● What the exercise asks
Count how many lines in the entries below hold the string "MOTORS", and respond with that number only.

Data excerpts
☆ ☆ ☆ ☆

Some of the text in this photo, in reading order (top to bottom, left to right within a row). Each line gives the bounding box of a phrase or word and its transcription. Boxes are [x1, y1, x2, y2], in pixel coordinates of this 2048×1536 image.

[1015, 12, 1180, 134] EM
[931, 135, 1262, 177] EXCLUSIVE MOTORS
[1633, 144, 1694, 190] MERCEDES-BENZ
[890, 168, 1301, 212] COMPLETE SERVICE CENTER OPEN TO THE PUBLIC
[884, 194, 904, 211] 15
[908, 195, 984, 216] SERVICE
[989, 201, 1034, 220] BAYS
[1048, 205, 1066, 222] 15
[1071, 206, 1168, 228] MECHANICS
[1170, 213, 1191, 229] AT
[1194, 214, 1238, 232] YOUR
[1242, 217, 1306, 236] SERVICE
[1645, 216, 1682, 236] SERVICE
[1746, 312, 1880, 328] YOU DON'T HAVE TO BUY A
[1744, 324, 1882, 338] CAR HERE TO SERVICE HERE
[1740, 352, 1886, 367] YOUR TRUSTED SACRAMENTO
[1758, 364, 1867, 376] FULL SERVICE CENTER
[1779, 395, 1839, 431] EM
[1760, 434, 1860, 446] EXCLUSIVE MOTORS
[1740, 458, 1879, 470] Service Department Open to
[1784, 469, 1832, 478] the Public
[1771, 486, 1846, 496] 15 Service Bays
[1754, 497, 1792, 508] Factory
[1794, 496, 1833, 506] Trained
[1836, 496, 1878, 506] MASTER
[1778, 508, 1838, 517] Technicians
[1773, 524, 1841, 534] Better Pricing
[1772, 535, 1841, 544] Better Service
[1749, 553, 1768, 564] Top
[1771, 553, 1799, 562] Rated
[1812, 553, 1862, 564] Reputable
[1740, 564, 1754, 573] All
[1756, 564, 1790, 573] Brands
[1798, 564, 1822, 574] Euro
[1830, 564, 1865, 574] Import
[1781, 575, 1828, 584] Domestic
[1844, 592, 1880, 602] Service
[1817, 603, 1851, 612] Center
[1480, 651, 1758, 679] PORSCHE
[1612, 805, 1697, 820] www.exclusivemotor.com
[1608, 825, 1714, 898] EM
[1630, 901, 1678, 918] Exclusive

☆ ☆ ☆ ☆

● Answer for this exercise
2